Probabile trattamento inappropriato (in eccesso) in anziani diabetici
A cura del Gruppo AMD: Diabete nell’anziano
25 maggio 2015 (Congresso Medico) – Da alcuni anni le linee-guida di numerose società medico-scientifiche suggeriscono un approccio personalizzato, centrato sul paziente, nella cura del diabete mellito.

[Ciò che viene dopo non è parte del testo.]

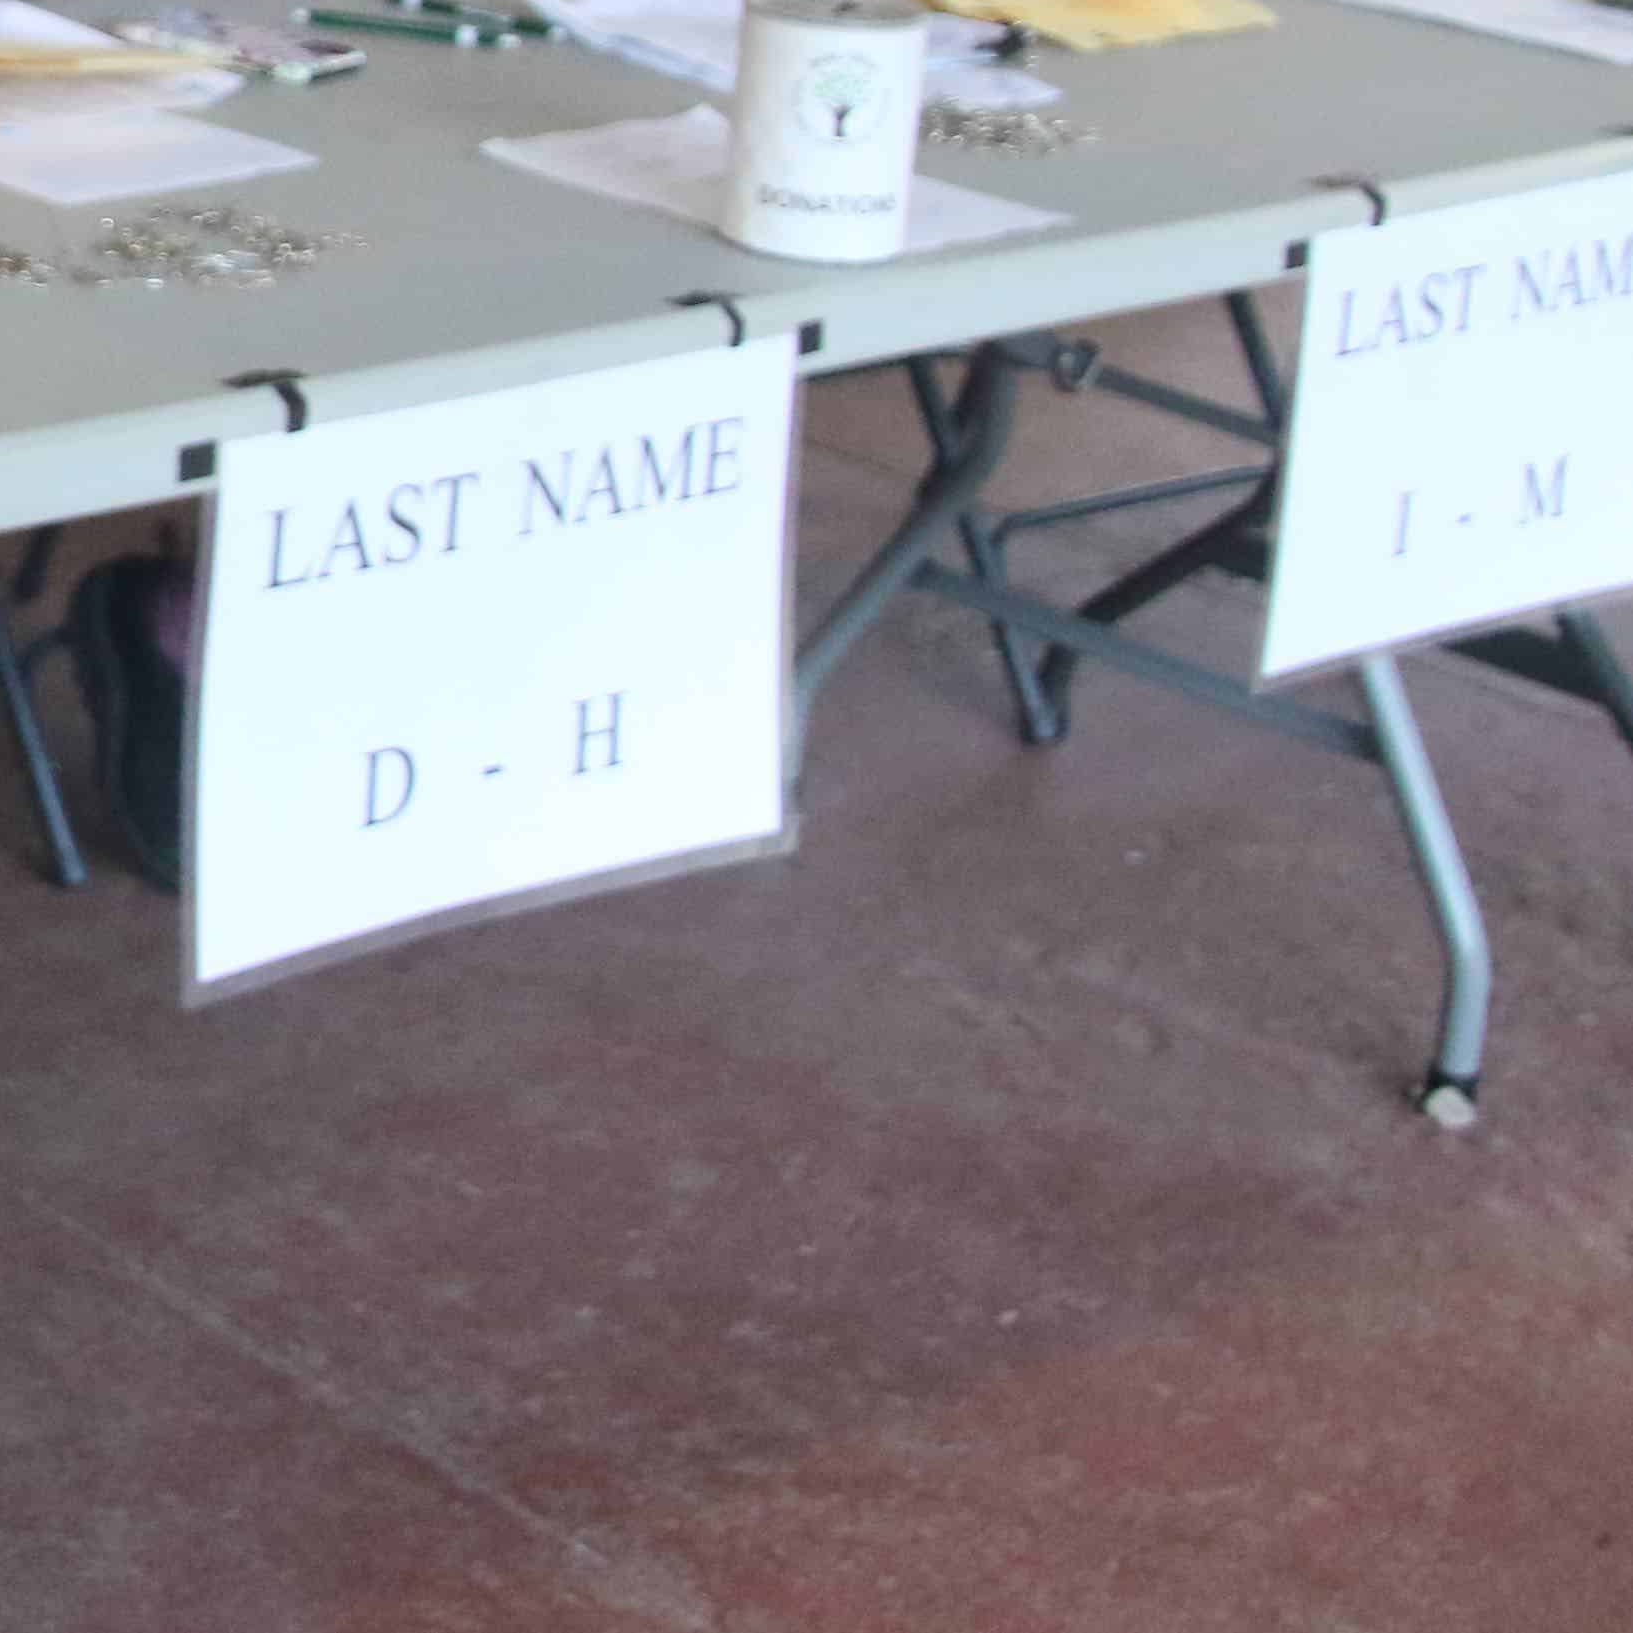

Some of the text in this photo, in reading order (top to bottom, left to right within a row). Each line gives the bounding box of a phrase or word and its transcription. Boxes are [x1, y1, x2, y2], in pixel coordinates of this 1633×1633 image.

[1334, 232, 1632, 356] LAST NAM
[262, 415, 744, 590] LAST NAME
[1391, 489, 1418, 556] I
[1519, 447, 1572, 525] M
[362, 746, 416, 827] D
[571, 690, 626, 775] H

In quest’ottica, per le persone anziane diabetiche con quadro clinico complicato da comorbilità e/o disabilità vengono suggeriti obiettivi più “morbidi” e strategie terapeutiche volte a evitare l’ipoglicemia che notoriamente può avere effetti particolarmente deleteri su questi pazienti.
Un’indagine americana, recentemente pubblicata sulla rivista JAMA Internal Medicine, ha cercato di mettere in relazione il controllo metabolico di anziani diabetici con la terapia assunta per valutare un eventuale “trattamento inappropriato in eccesso”; 1288 diabetici anziani (età media 73,2 ± 5,7 anni) provenienti da un campione rappresentativo della popolazione statunitense (NANHES anni 2001-2010) e per i quali era disponibile un’emoglobina glicata sono stati divisi in 3 categorie sulla base delle comorbilità e degli score ottenuti utilizzando gli strumenti ADL (activities of daily living) e IADL (instrumental activities of daily living):
1) relativamente sani;
2) con stato di salute a complessità intermedia;
3) con stato di salute precario (e ridotta aspettativa di vita).

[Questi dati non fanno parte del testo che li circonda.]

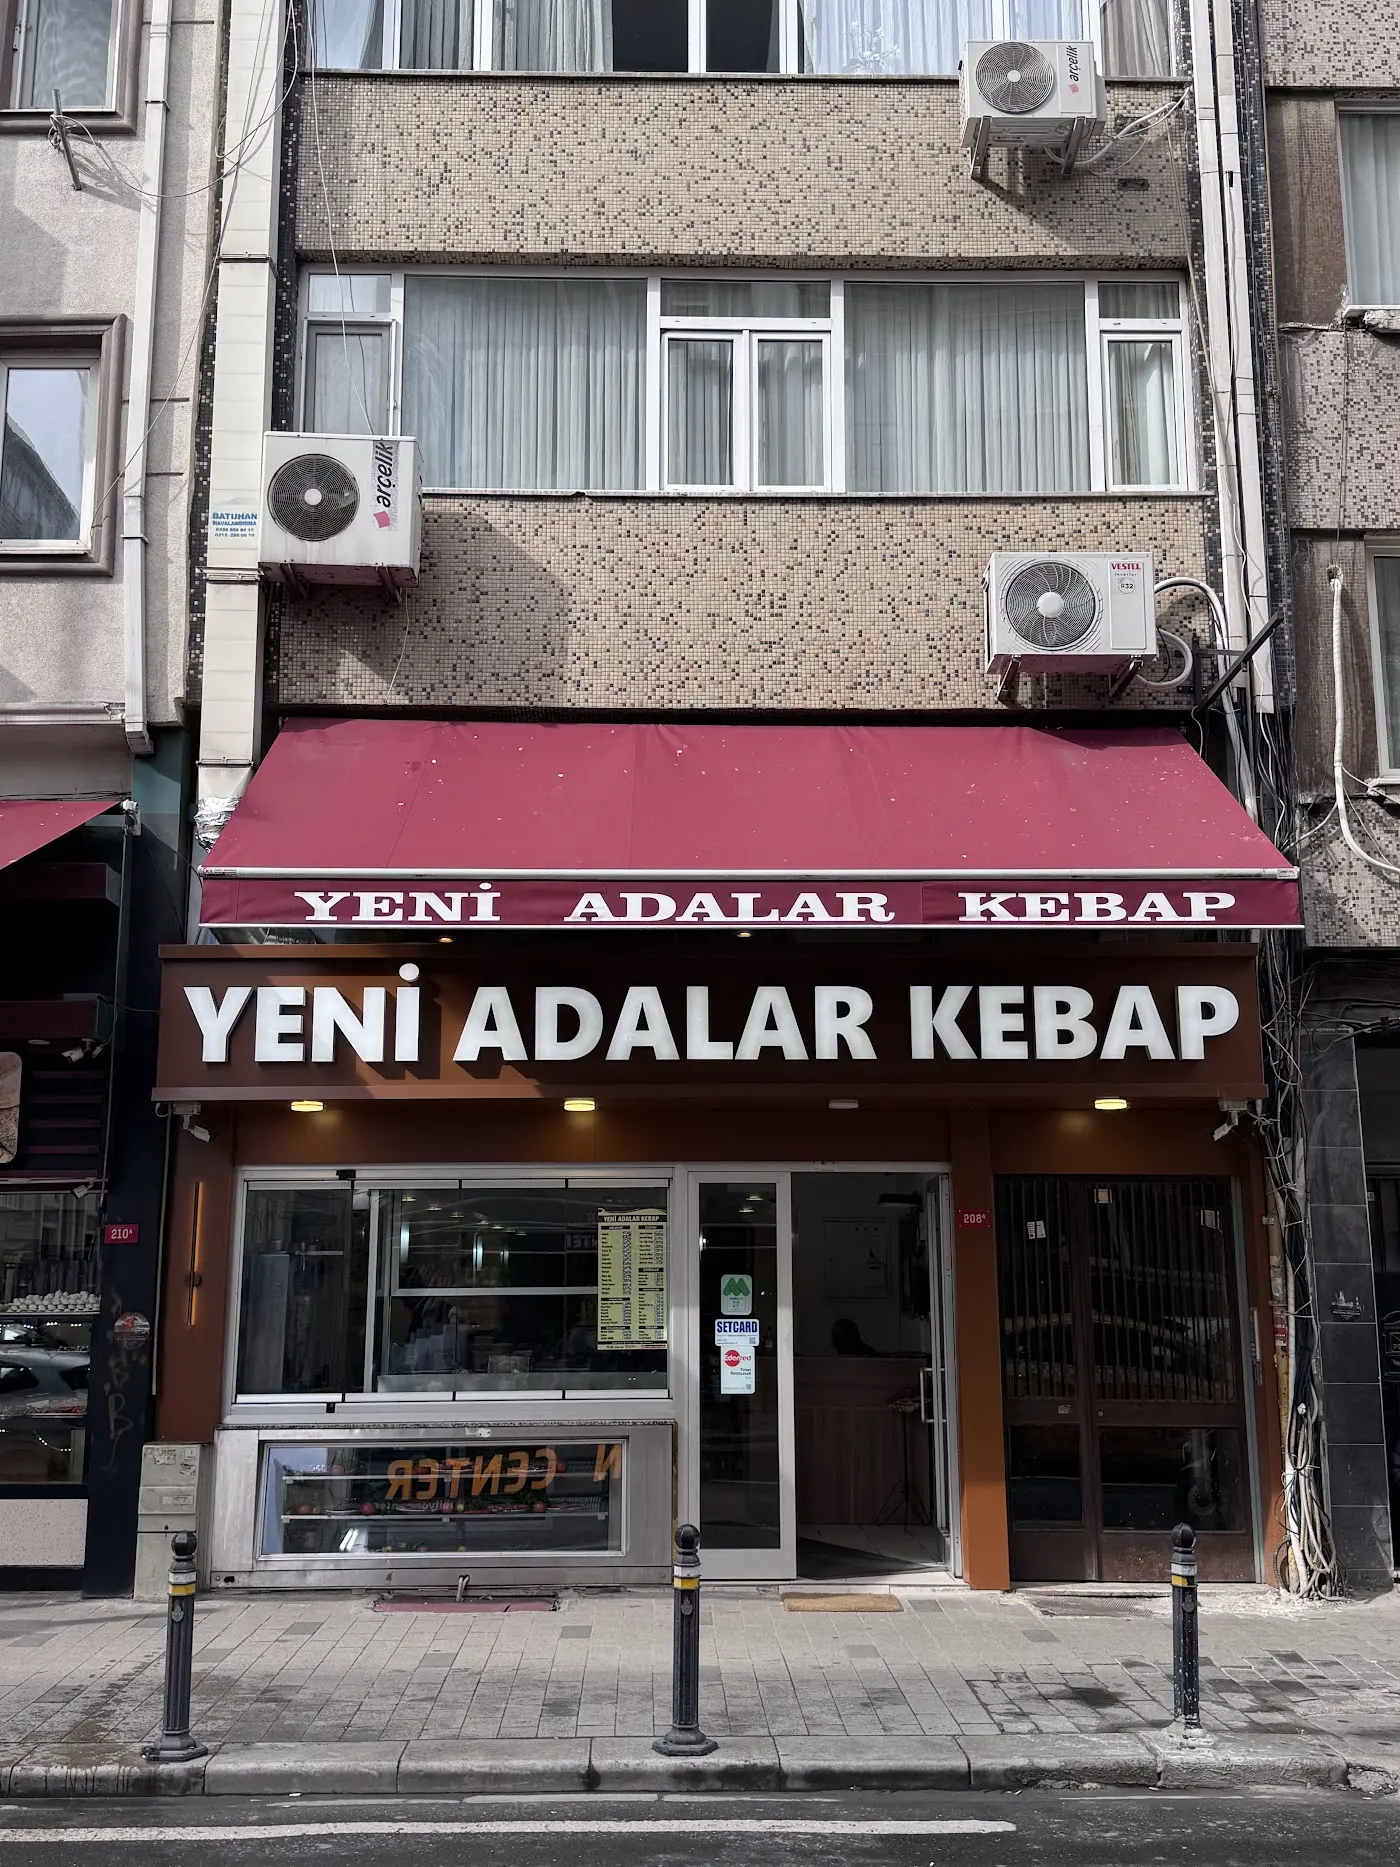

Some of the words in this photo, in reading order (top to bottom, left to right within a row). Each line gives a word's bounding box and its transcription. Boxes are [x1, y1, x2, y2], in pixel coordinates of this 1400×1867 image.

Ben il 60% dei pazienti anziani con diabete è risultato avere un’emoglobina glicata inferiore al 7% e circa il 42% un valore inferiore al 6,5%. Particolarmente interessante il fatto che nessuna differenza significativa è emersa fra le 3 categorie funzionali sopra descritte (p = 0,43) riguardo tale dato. Fra i pazienti con emoglobina glicata inferiore al 7%, circa il 55% era trattato con insulina e/o sulfoniluree; e anche in questo caso senza differenze significative tra le 3 categorie funzionali, suggerendo un verosimile trattamento inappropriato (in eccesso) per i pazienti con stato di salute a complessità intermedia e per quelli con ridotta aspettativa di vita. E’ improbabile, infatti, che queste due categorie funzionali possano beneficiare di un controllo glicemico intensivo, il quale richiede un arco temporale di almeno 8-10 anni per manifestare i suoi vantaggi; è invece probabile che controlli metabolici così spinti, in pazienti proni alla fragilità, li espongano a un rischio consistente di ipoglicemia e alle sue conseguenze (aumentato rischio di fratture, di decadimento cognitivo, di eventi cardiovascolari e di morte).

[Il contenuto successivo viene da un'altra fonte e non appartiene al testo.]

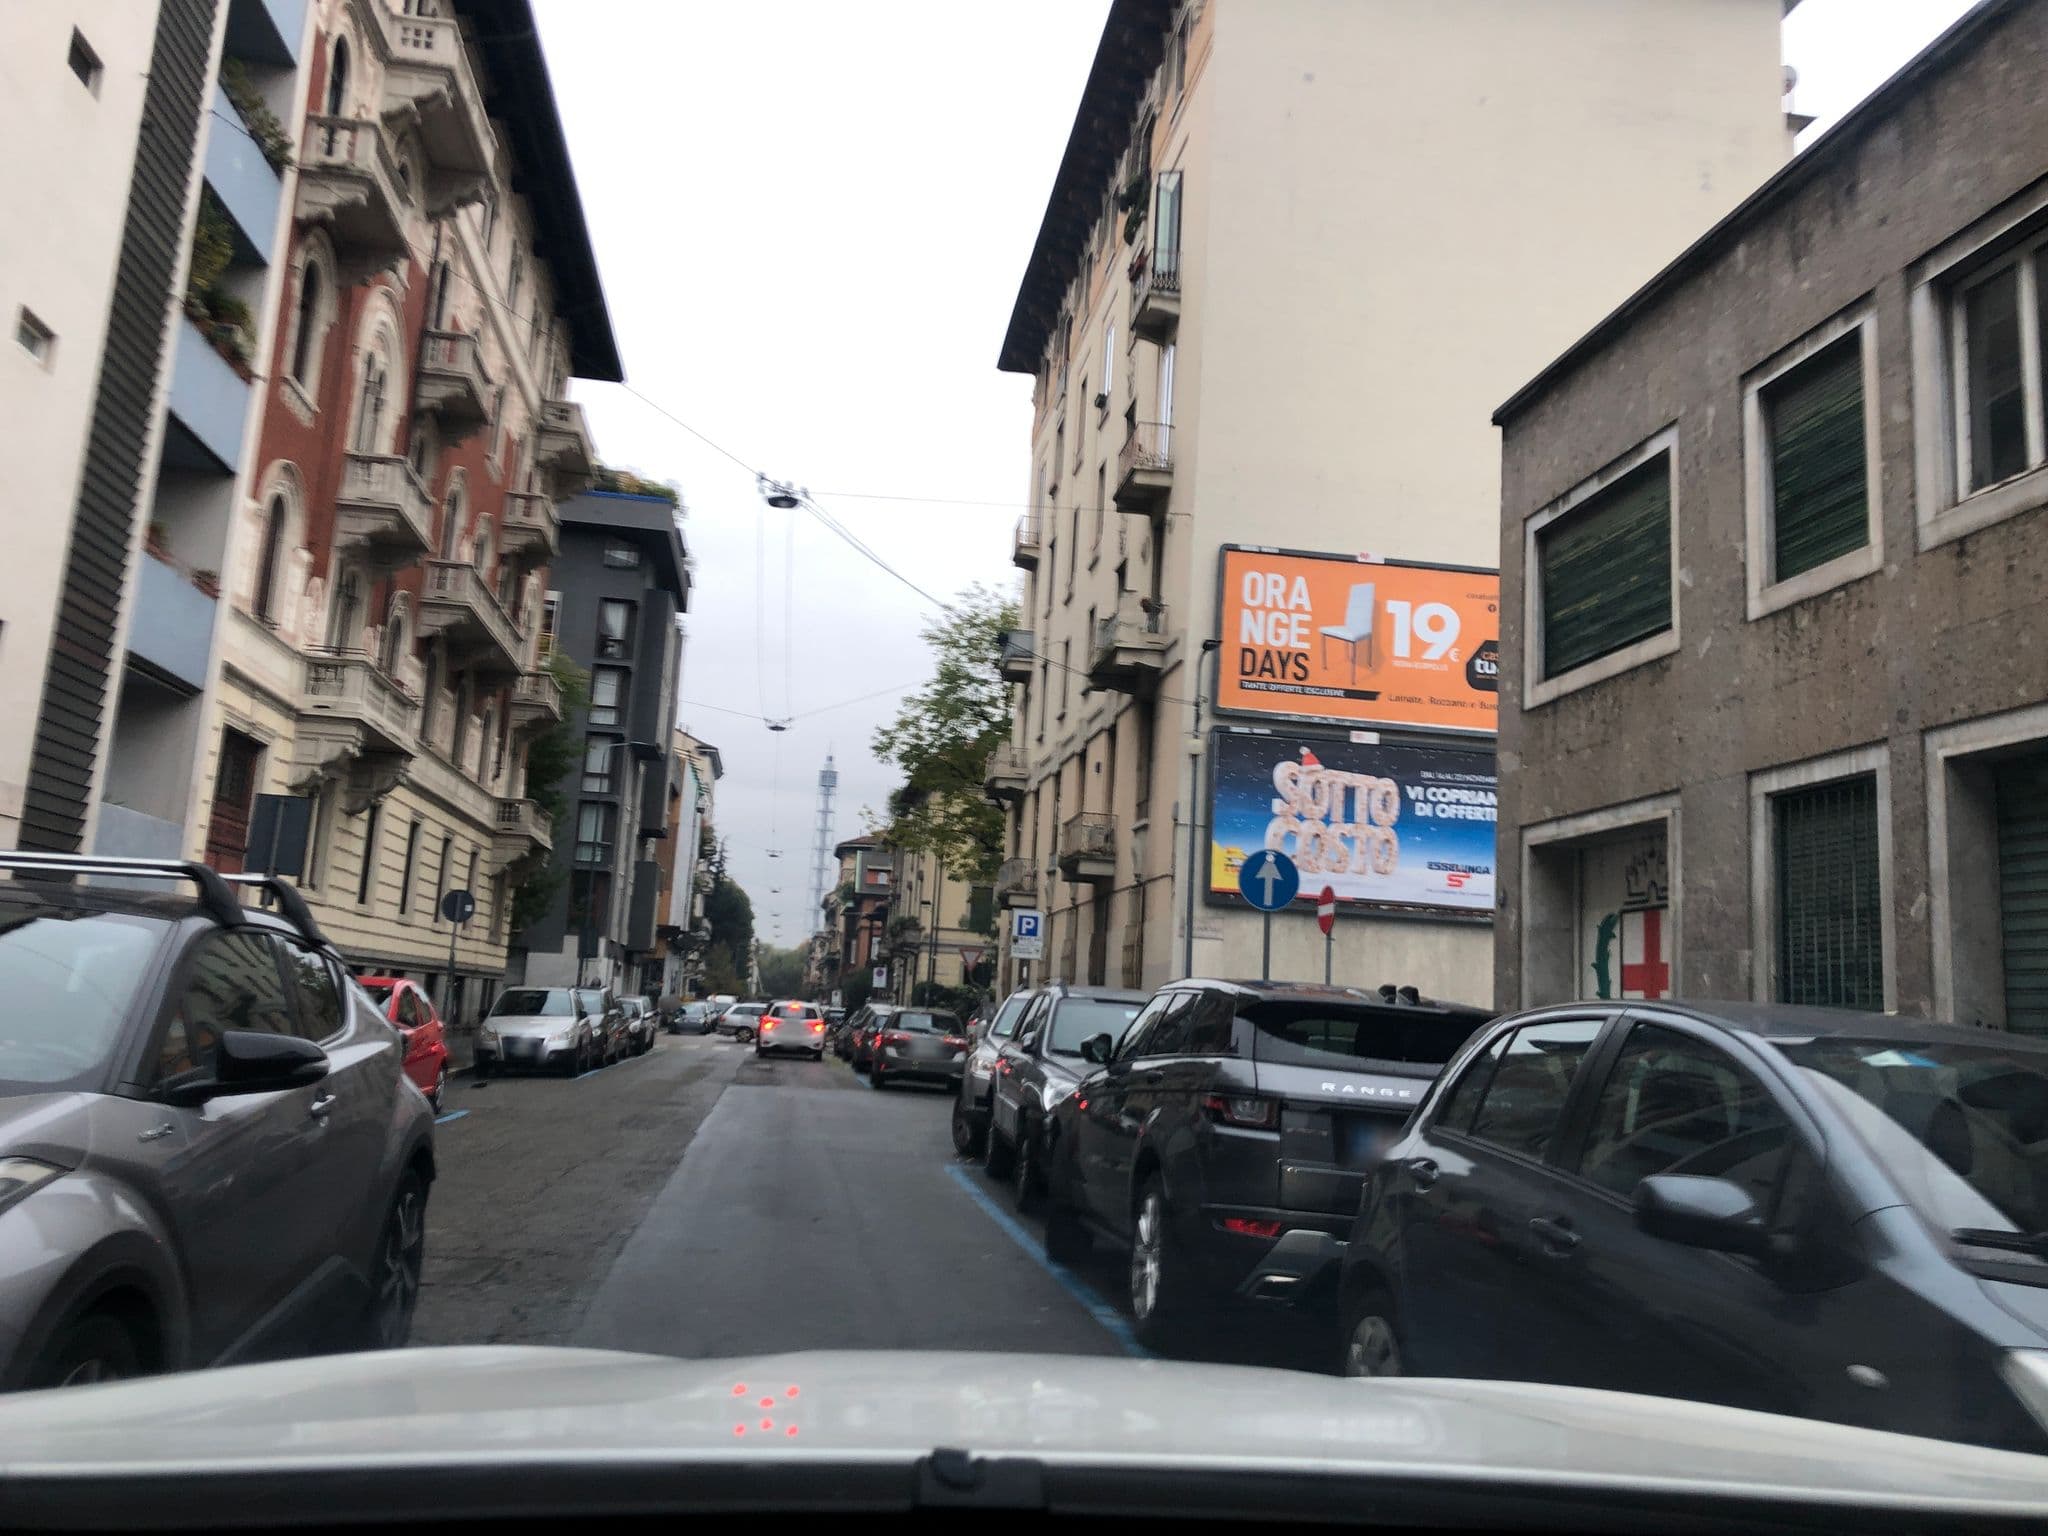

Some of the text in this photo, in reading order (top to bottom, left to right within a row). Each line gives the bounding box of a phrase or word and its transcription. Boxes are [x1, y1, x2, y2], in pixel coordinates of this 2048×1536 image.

In conclusione, in questo campione di anziani diabetici, rappresentativo della popolazione statunitense, circa il 60% dei soggetti con quadro clinico a complessità intermedia o elevata raggiunge valori di emoglobina glicata inferiori al 7% e metà dei pazienti raggiunge tale obiettivo con l’uso di farmaci che possono provocare ipoglicemia. Giova ricordare che dati abbastanza simili e preoccupanti emergono dall’analisi dei dati italiani (si vedano gli Annali Anziani AMD).